How sweet of them to apply their minds. How long this lasted for I have no idea. I feel that deep Modi-induced slumber is bound to affect them again, sooner rather than later. The Times of India, PTI, Prasar Bharati in their ongoing tweets on Sunday night referred to the attack on students by ABVP activists as “clashes”, in keeping with the government line. Some of these were subsequently removed.

The violent mob was from the BJP’s student wing, the ABVP as was originally alleged and later borne out by video, eyewitness and whatsapp evidence.

Here’s AltNews helping the media by doing its work and correcting media lies:


News website newslaundry.com has also done considerable work on what happened in JNU on Sunday night:


Am I jumping about a bit? It’s quite simple, really. One, JNU has long been a target of this Central government because it represents intellectual heft. Two, ever since people started their protests against the Citizenship Amendment Act, the Centre has resorted to doublespeak and brutal crackdowns on protestors. We’ve been through all this before.

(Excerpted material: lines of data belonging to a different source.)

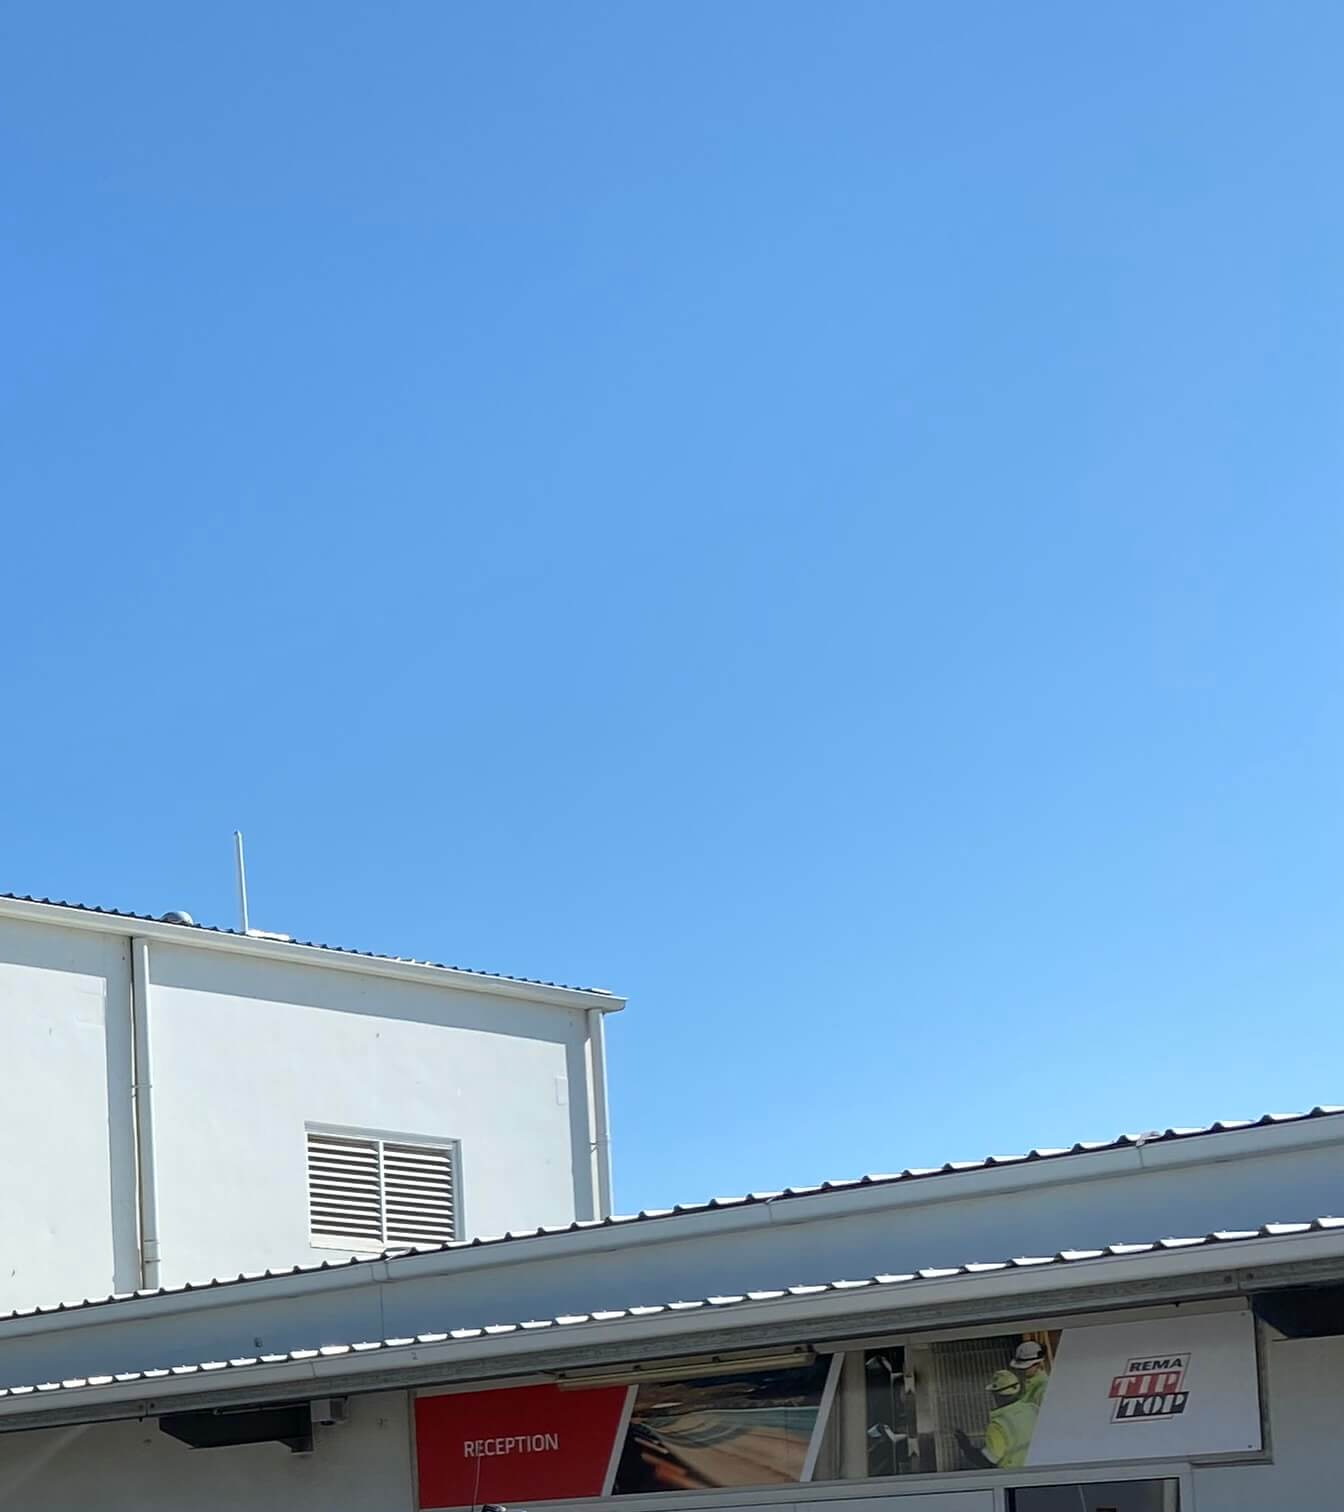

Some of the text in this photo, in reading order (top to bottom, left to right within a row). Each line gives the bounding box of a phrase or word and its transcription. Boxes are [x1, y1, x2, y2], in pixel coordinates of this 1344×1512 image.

[1129, 1358, 1183, 1372] REMA
[1114, 1373, 1178, 1396] TIP
[1122, 1394, 1185, 1417] TOP
[463, 1433, 560, 1458] RECEPTION
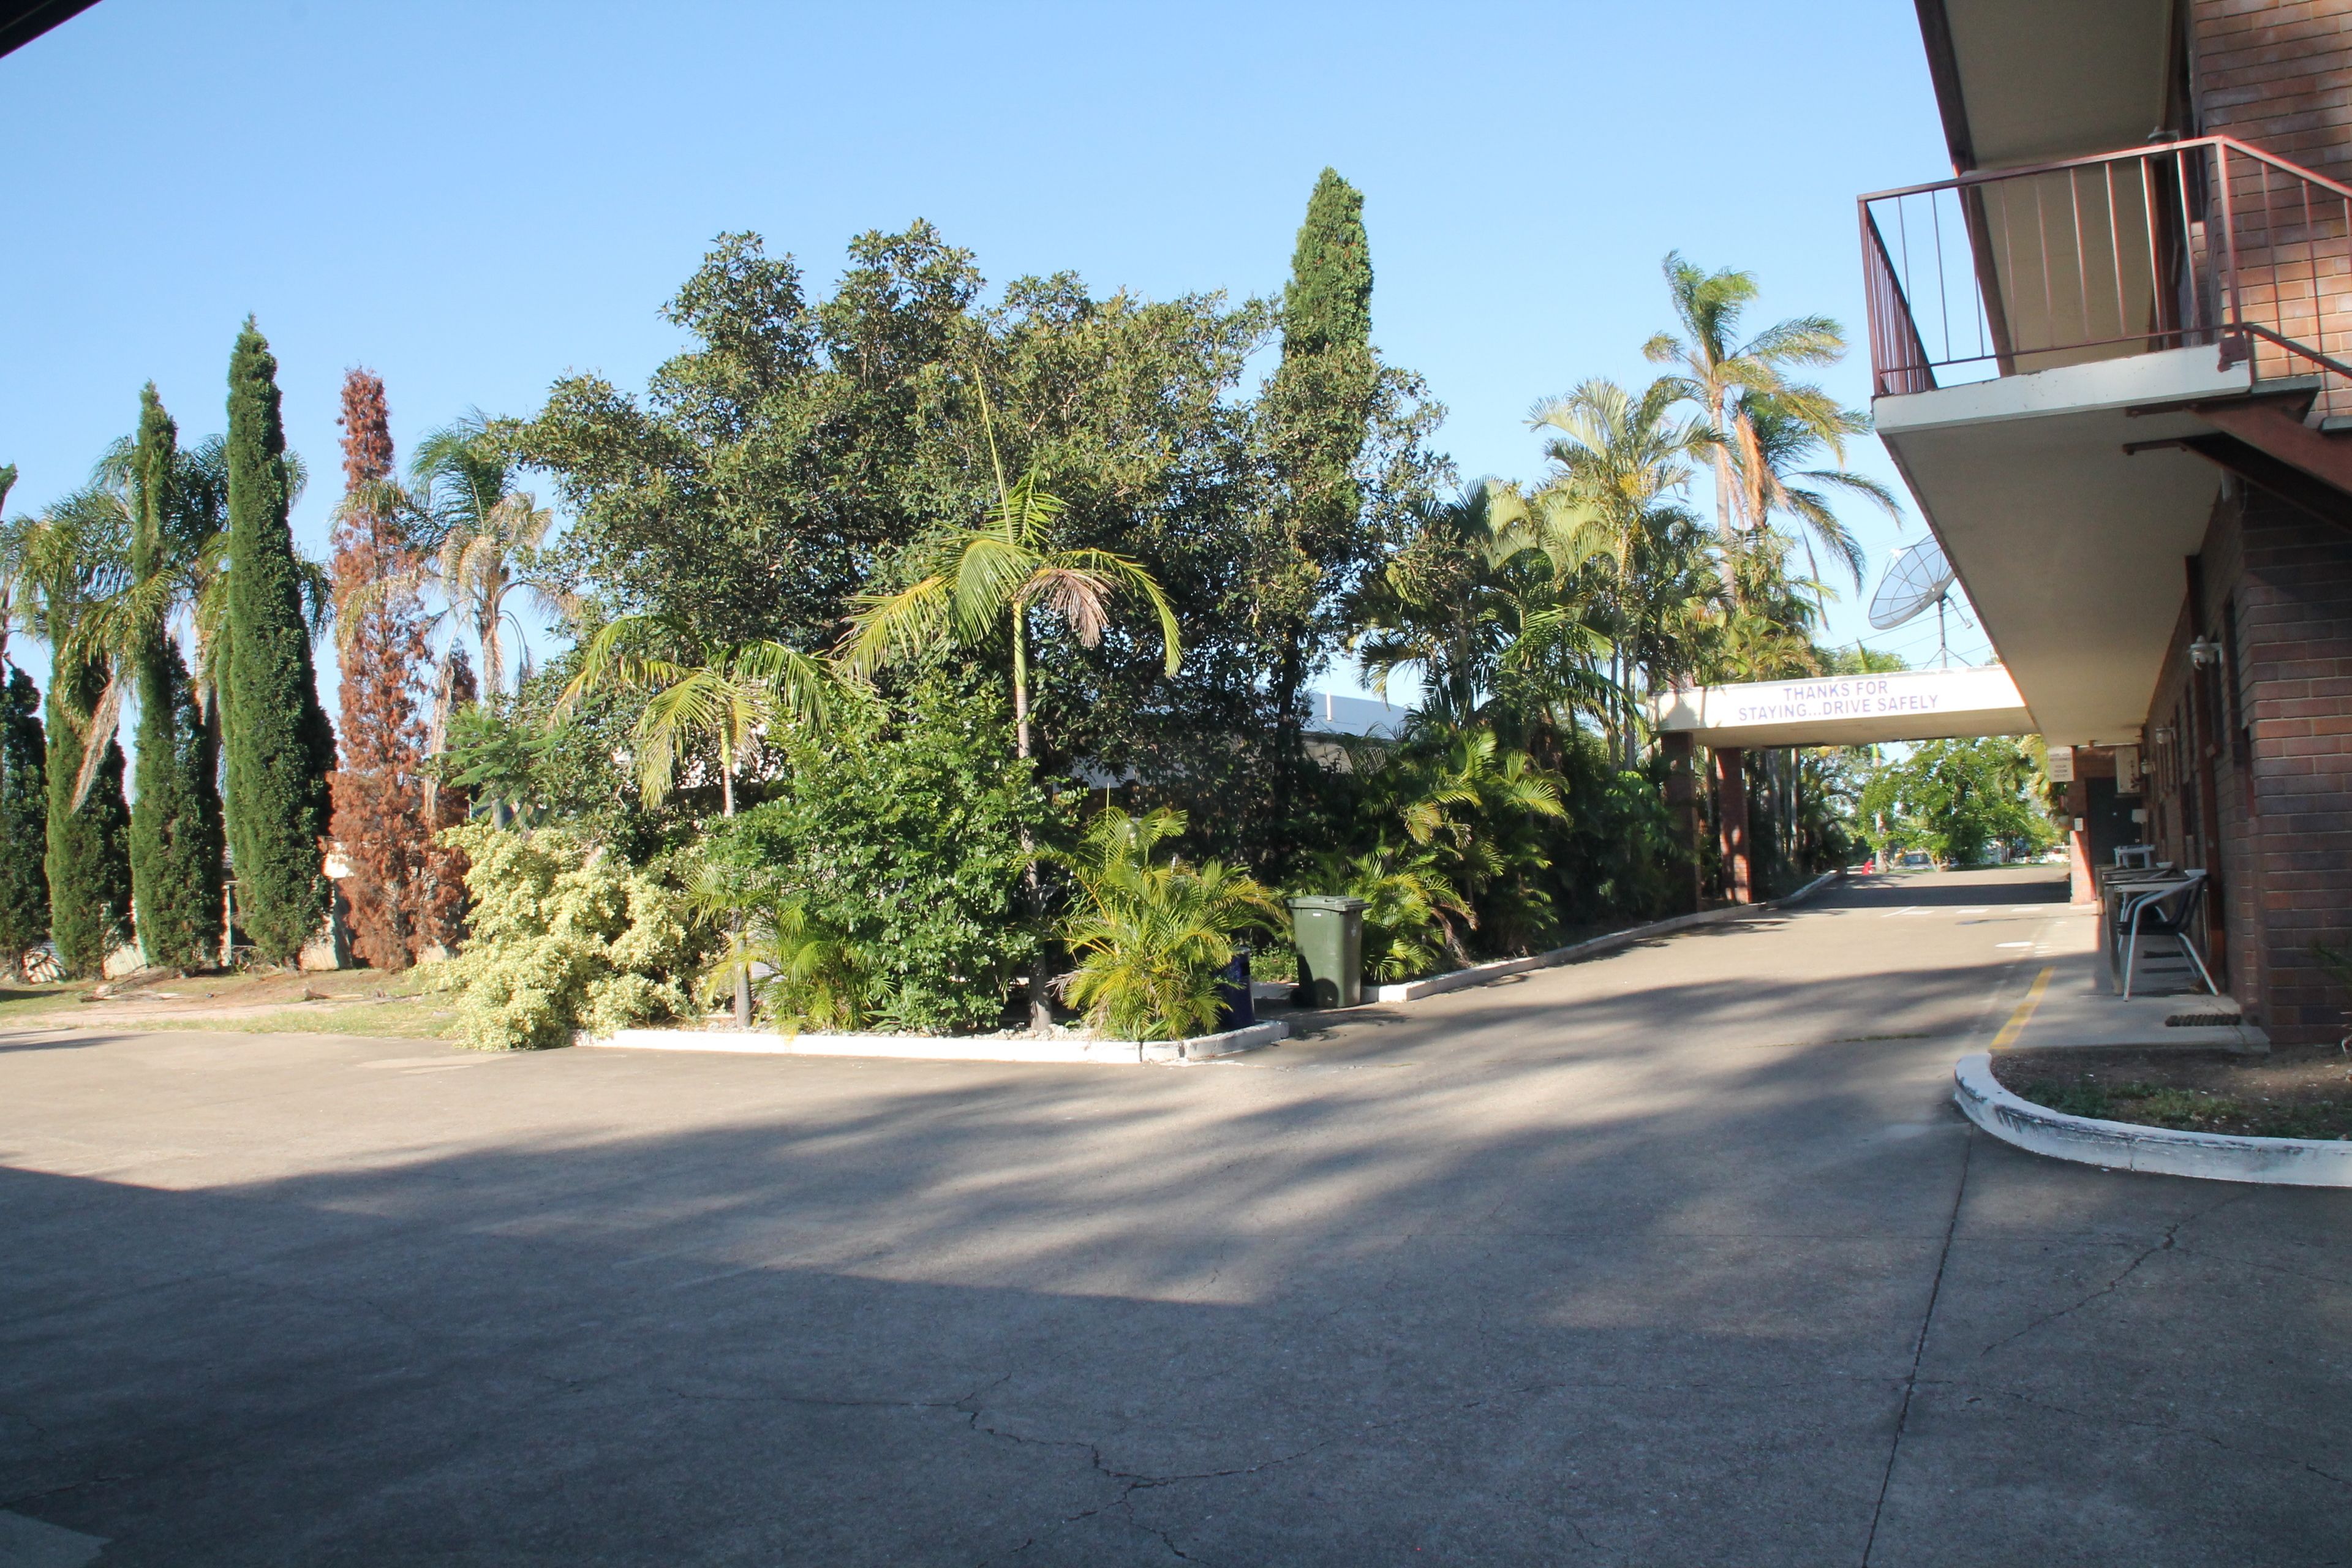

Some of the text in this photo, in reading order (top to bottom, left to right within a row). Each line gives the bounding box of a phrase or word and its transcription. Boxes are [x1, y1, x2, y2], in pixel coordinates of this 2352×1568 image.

The media has remained, largely, an enabler of the BJP and its governments, in spite of evidence that citizens of India have been killed, tortured and terrorised. Yes, we have heard of the actions of the government from the media itself, but those news reports have usually been qualified by senior members of news organisations looking for justifications from the past or coming up with various innovative false equivalences. This dilutes the work done by reporters on the ground. In fact, staff of Aaj Tak and Times Now both got beaten up by ABVP “activists” while covering the attacks on JNU.

The tragic irony is that both these news channels have been massive supporters of the Modi government and the BJP and have gone out of their way to destroy the credibility of their profession. They have had no qualms about spreading social hatred, fomenting religious tension and lying on air. The price of riding a tiger can be both bloody and harsh.

The JNU attacks are being framed around fee hike protests. To highlight that is to fall for a diversionary tactic. This is all part of the larger anger within the RSS that its plans for a Hindu nation are not being welcomed wholesale. If the media sleeps, then the people of India awaken and shamefully for the media, that is what is happening now.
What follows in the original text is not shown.